-- Assignment --
Omit every picture while you reproduce the entries that follow word for word.

-- Excerpted records --
== Segment start ==

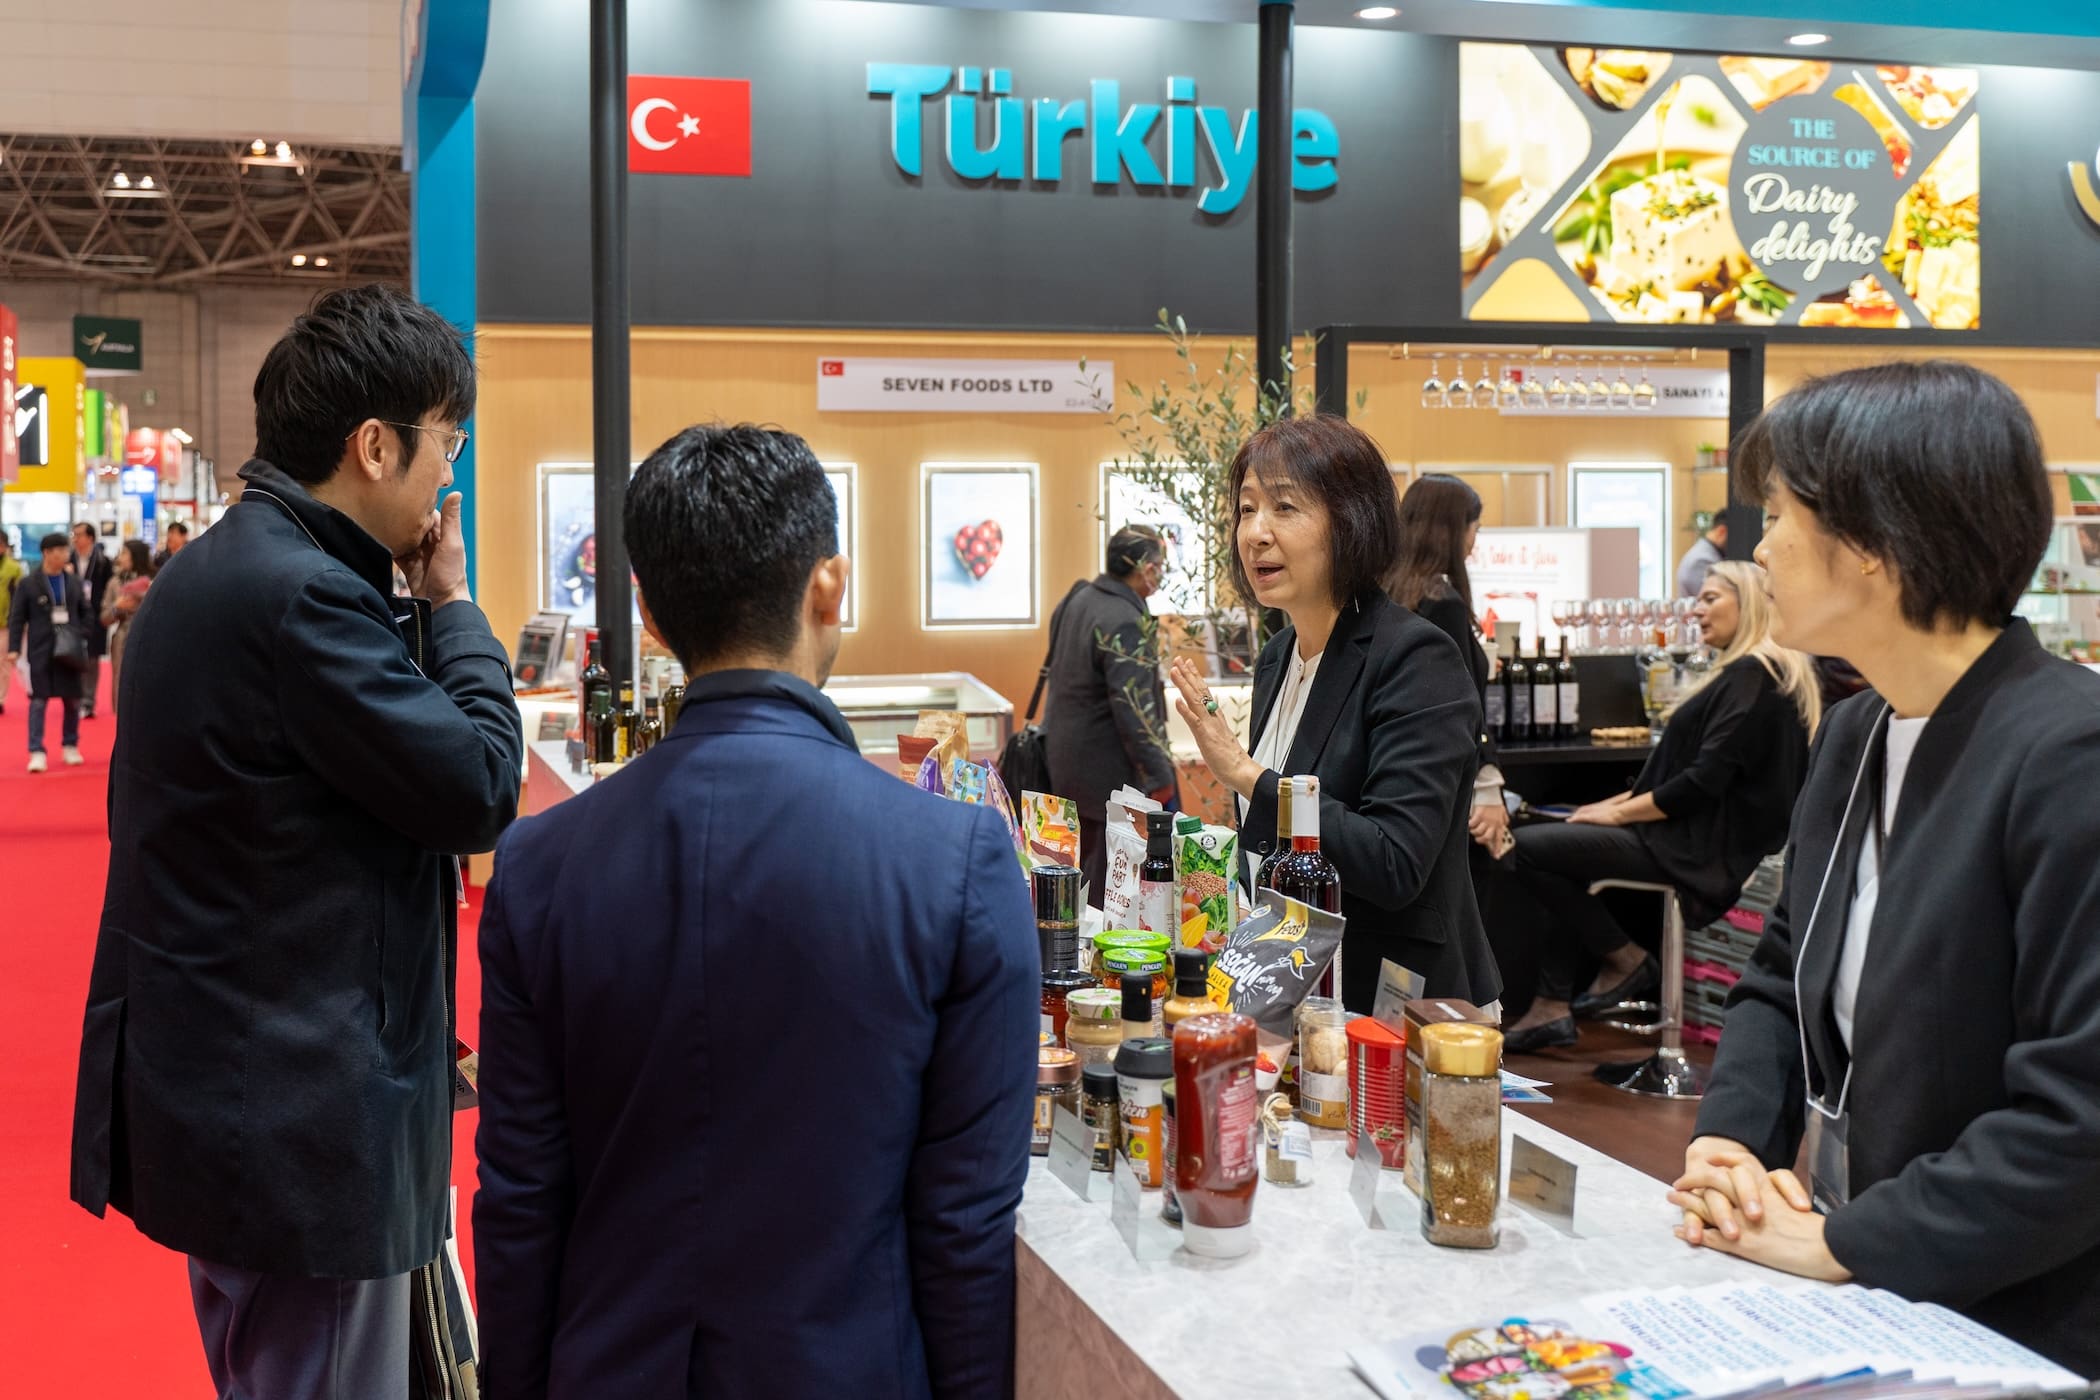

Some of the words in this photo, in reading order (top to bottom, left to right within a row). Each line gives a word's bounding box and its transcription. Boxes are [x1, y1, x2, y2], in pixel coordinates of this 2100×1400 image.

[866, 63, 1340, 214] Türkiye
[1789, 117, 1836, 140] THE
[1747, 143, 1841, 169] SOURCE
[1844, 147, 1877, 170] OF
[1743, 172, 1859, 234] Dairy
[1750, 220, 1882, 282] delights
[883, 377, 944, 392] SEVEN
[951, 378, 1012, 392] FOODS
[1019, 379, 1053, 393] LTD

== Segment end ==

-- Written answer --
Some of the words in this photo, in reading order (top to bottom, left to right within a row). Each line gives a word's bounding box and its transcription. Boxes are [x1, y1, x2, y2], in pixel coordinates of this 2100×1400 image.

[866, 63, 1340, 214] Türkiye
[1789, 117, 1836, 140] THE
[1747, 143, 1841, 169] SOURCE
[1844, 147, 1877, 170] OF
[1743, 172, 1859, 234] Dairy
[1750, 220, 1882, 282] delights
[883, 377, 944, 392] SEVEN
[951, 378, 1012, 392] FOODS
[1019, 379, 1053, 393] LTD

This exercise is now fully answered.